--- THE RECORDS Enclosed Below ---

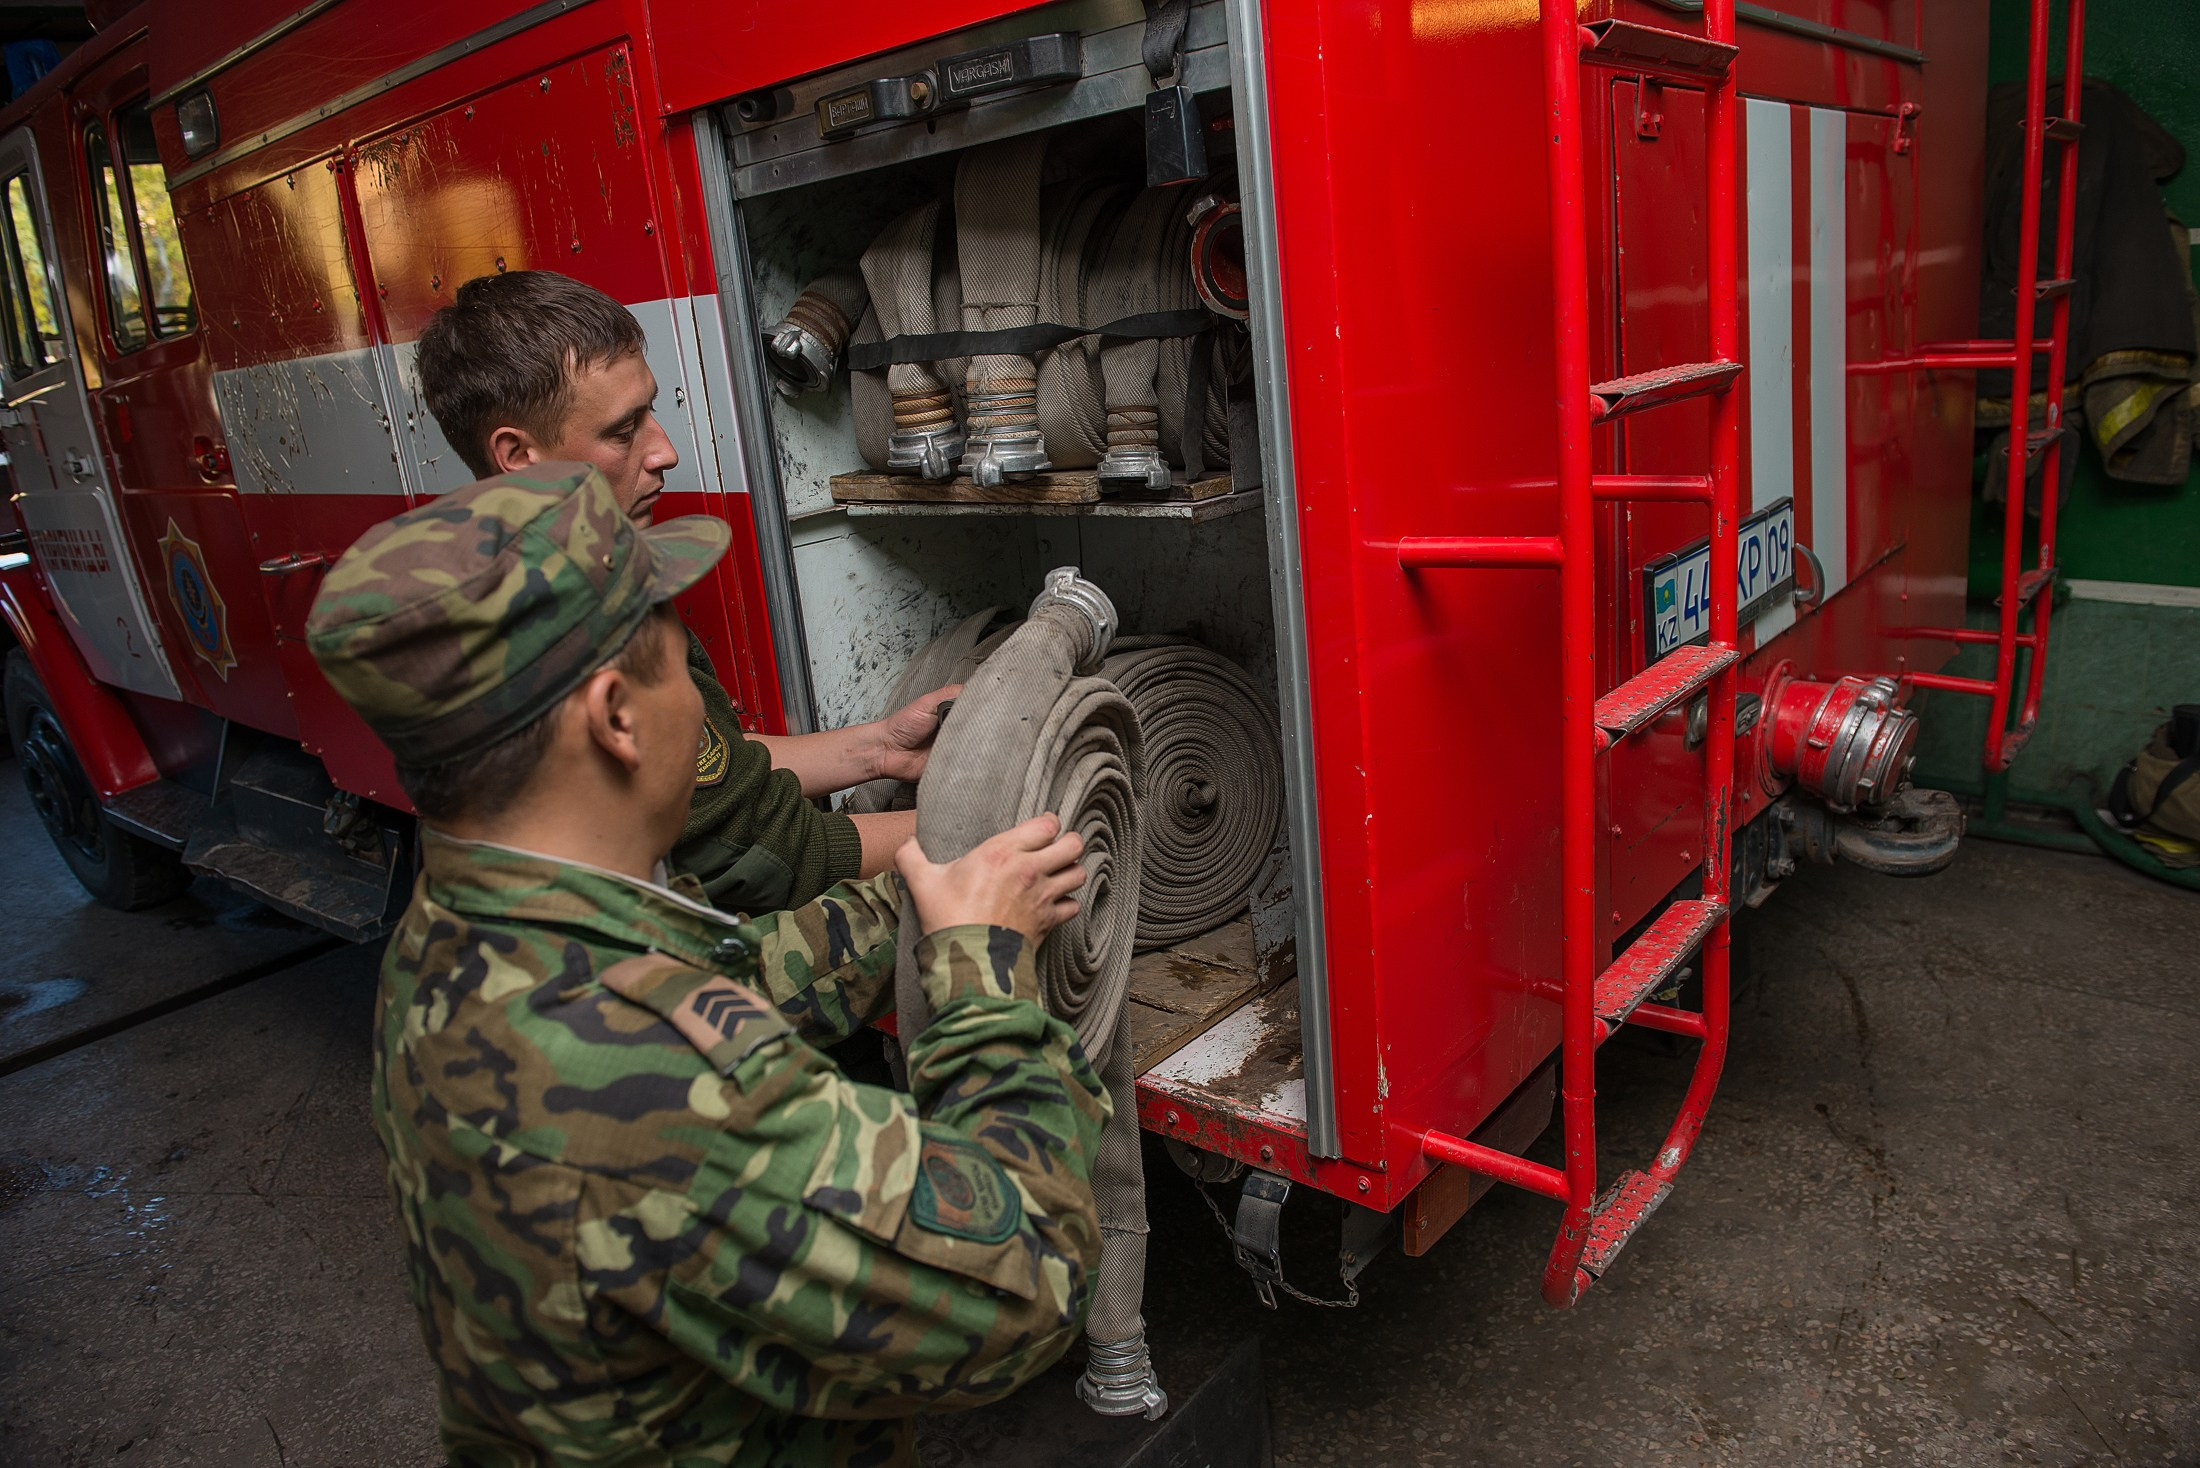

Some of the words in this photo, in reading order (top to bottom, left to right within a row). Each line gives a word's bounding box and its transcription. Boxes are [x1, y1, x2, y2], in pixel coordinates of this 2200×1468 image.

[1684, 560, 1710, 631] 44
[1768, 518, 1789, 583] 09
[117, 616, 141, 658] 2
[1658, 616, 1678, 655] KZ
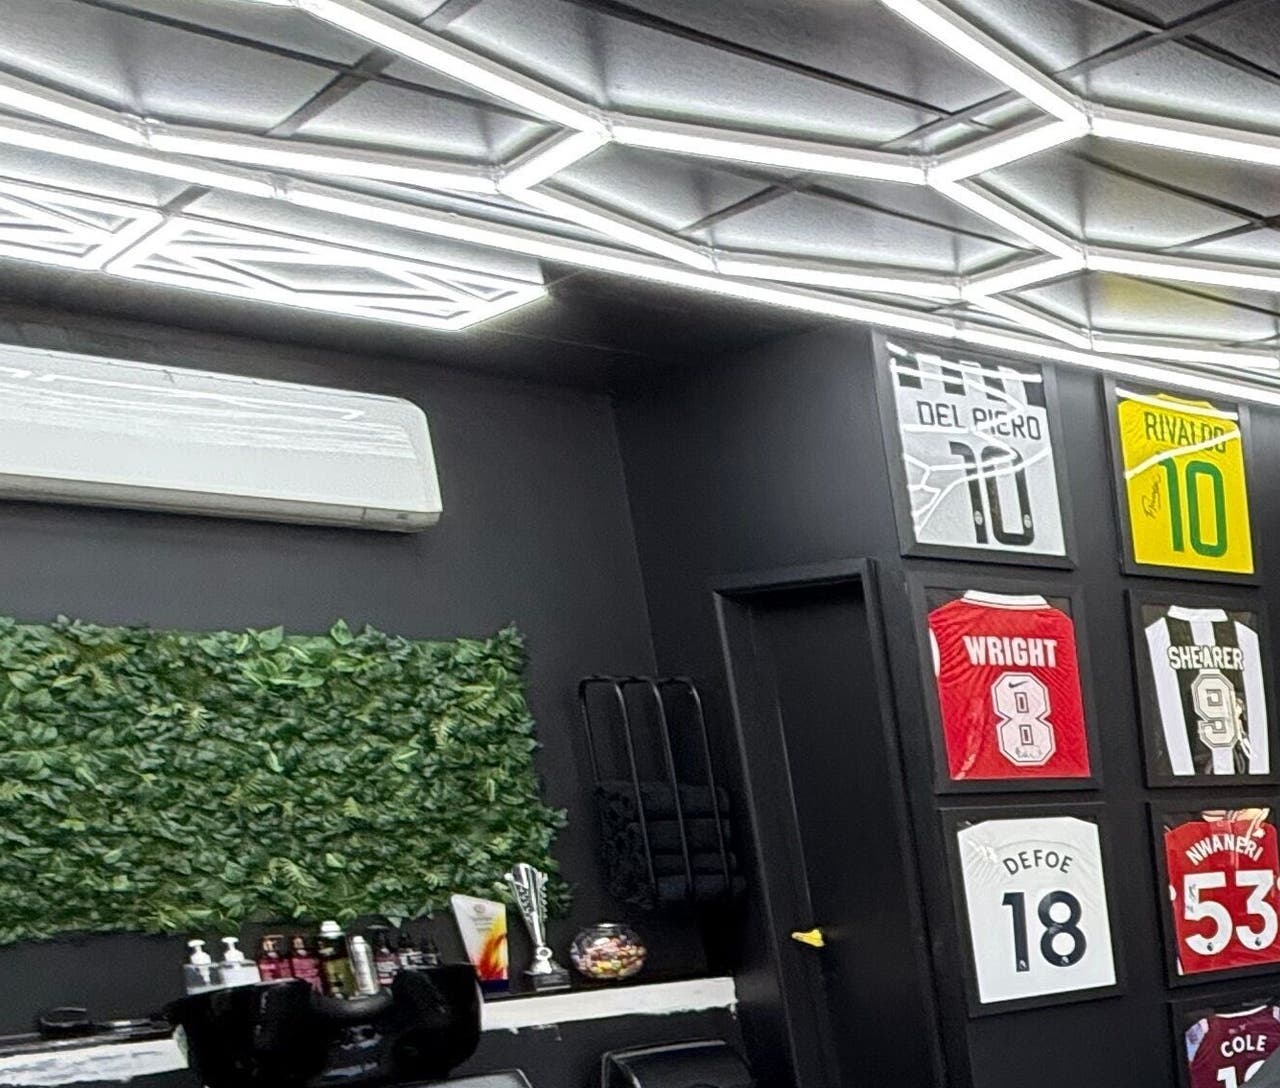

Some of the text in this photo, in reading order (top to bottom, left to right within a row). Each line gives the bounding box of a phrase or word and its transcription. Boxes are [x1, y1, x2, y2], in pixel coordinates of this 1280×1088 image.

[917, 400, 967, 428] DEL
[1144, 411, 1227, 454] RIVALDO
[949, 441, 1035, 546] 10
[1157, 455, 1229, 558] 10
[962, 635, 1058, 668] WRIGHT
[1167, 645, 1244, 670] SHEARER
[990, 671, 1056, 767] 8
[1191, 672, 1241, 749] 9
[1002, 849, 1073, 876] DEFOE
[1185, 833, 1264, 866] NWANERI
[1001, 890, 1087, 973] 18
[1183, 869, 1279, 956] 53
[1220, 1034, 1268, 1058] COLE
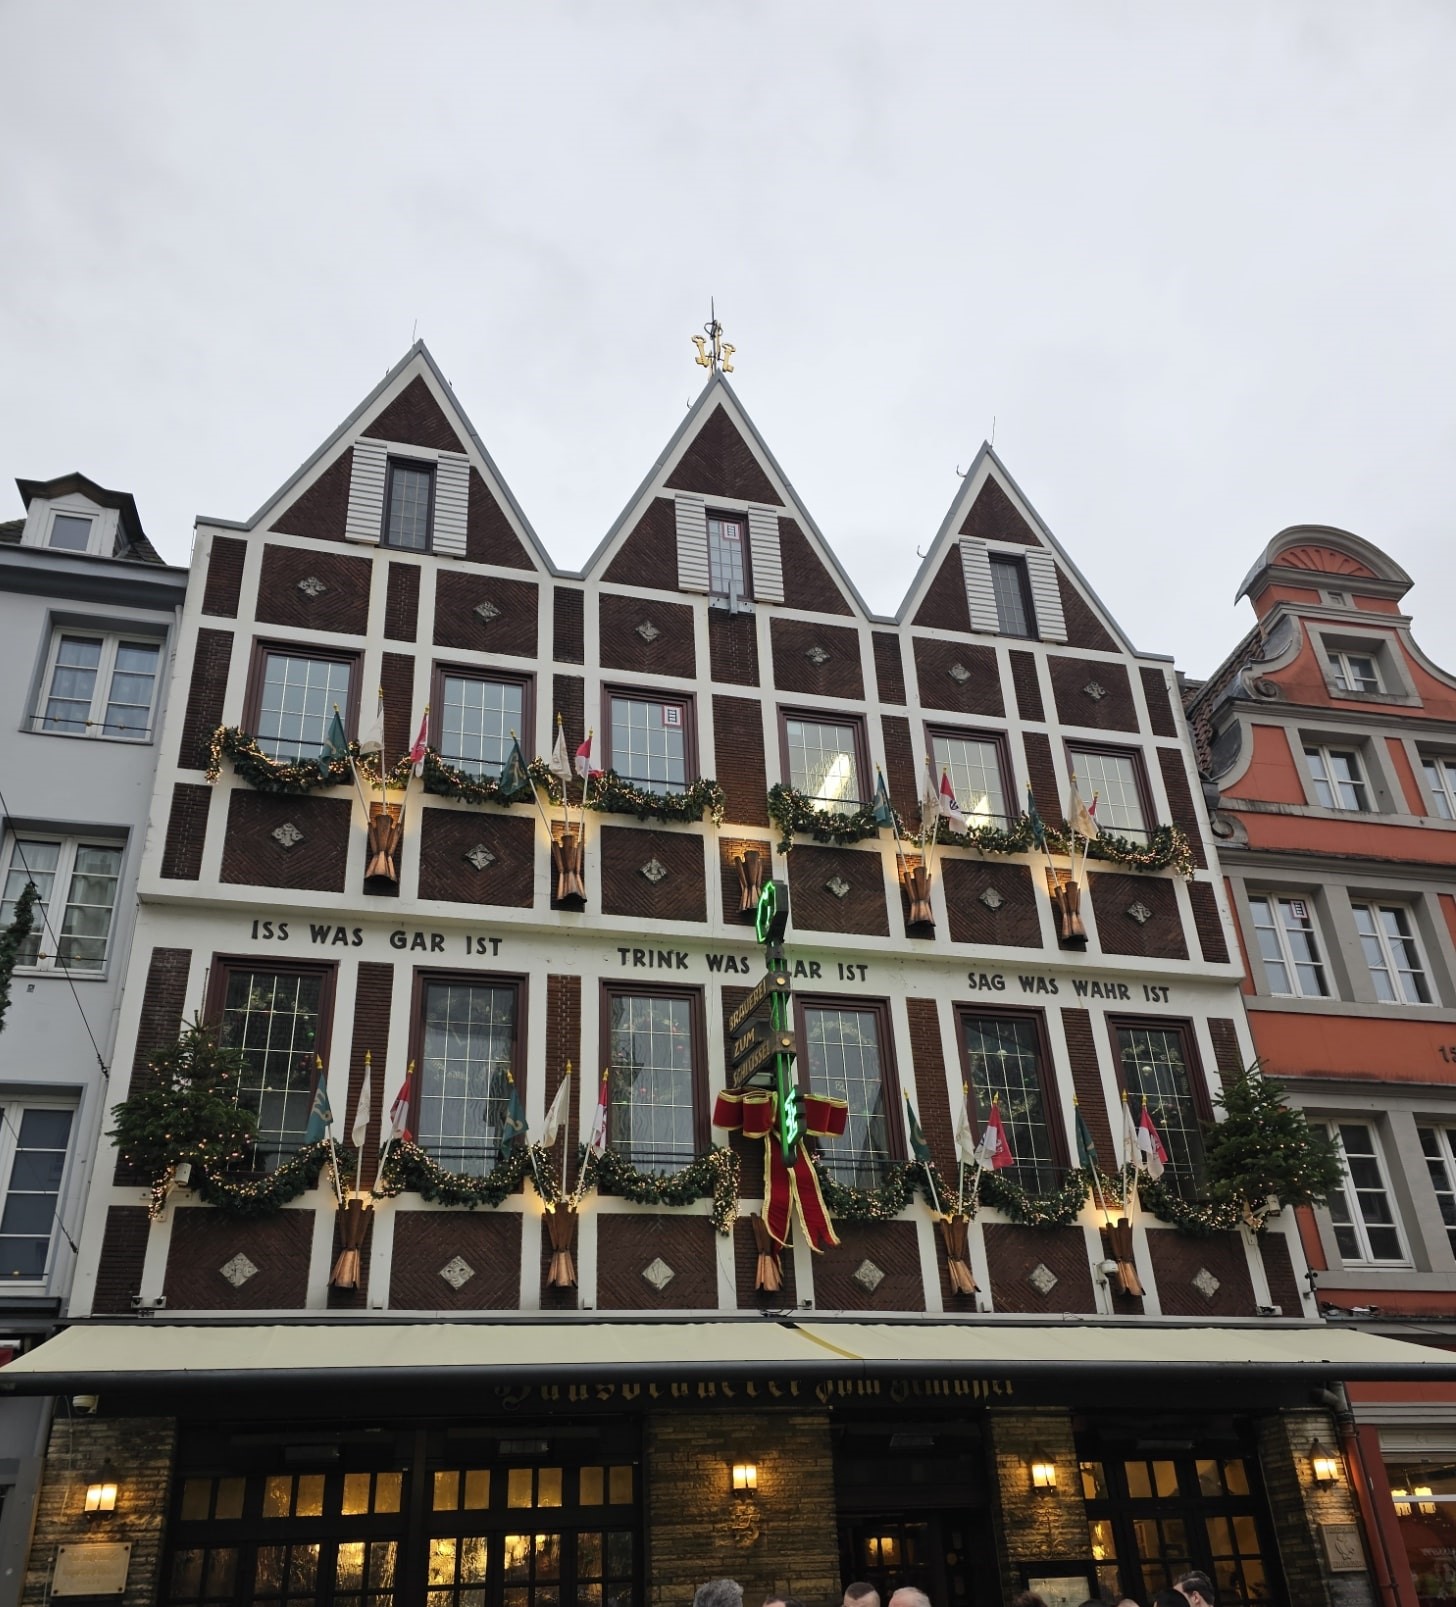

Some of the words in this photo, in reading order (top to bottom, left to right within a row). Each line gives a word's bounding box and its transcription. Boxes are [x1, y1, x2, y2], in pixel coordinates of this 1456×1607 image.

[251, 920, 289, 941] ISS
[309, 925, 363, 947] WAS
[390, 930, 445, 952] GAR
[466, 936, 503, 956] IST
[617, 948, 688, 969] TRINK
[705, 953, 750, 974] WAS
[837, 962, 869, 982] IST
[968, 971, 1006, 992] SAG
[1018, 975, 1059, 996] WAS
[1072, 979, 1131, 1002] WAHR
[1142, 984, 1170, 1005] IST
[729, 980, 766, 1031] BRAUEREI
[733, 1025, 756, 1058] ZUM

--- End of Enclosed THE RECORDS ---

ABOUT THIS TASK: Set down each entry again exactly as written. Pictures stay out.

TASK ANSWER:
Some of the words in this photo, in reading order (top to bottom, left to right within a row). Each line gives a word's bounding box and its transcription. Boxes are [x1, y1, x2, y2], in pixel coordinates of this 2200×1468 image.

[1684, 560, 1710, 631] 44
[1768, 518, 1789, 583] 09
[117, 616, 141, 658] 2
[1658, 616, 1678, 655] KZ

Some of the text in this photo, in reading order (top to bottom, left to right within a row). Each line gives the bounding box of a phrase or word and its transcription. Boxes are [x1, y1, x2, y2], in pixel coordinates of this 1280×1088 image.

[917, 400, 967, 428] DEL
[1144, 411, 1227, 454] RIVALDO
[949, 441, 1035, 546] 10
[1157, 455, 1229, 558] 10
[962, 635, 1058, 668] WRIGHT
[1167, 645, 1244, 670] SHEARER
[990, 671, 1056, 767] 8
[1191, 672, 1241, 749] 9
[1002, 849, 1073, 876] DEFOE
[1185, 833, 1264, 866] NWANERI
[1001, 890, 1087, 973] 18
[1183, 869, 1279, 956] 53
[1220, 1034, 1268, 1058] COLE

Some of the words in this photo, in reading order (top to bottom, left to right within a row). Each line gives a word's bounding box and its transcription. Boxes are [x1, y1, x2, y2], in pixel coordinates of this 1456×1607 image.

[251, 920, 289, 941] ISS
[309, 925, 363, 947] WAS
[390, 930, 445, 952] GAR
[466, 936, 503, 956] IST
[617, 948, 688, 969] TRINK
[705, 953, 750, 974] WAS
[837, 962, 869, 982] IST
[968, 971, 1006, 992] SAG
[1018, 975, 1059, 996] WAS
[1072, 979, 1131, 1002] WAHR
[1142, 984, 1170, 1005] IST
[729, 980, 766, 1031] BRAUEREI
[733, 1025, 756, 1058] ZUM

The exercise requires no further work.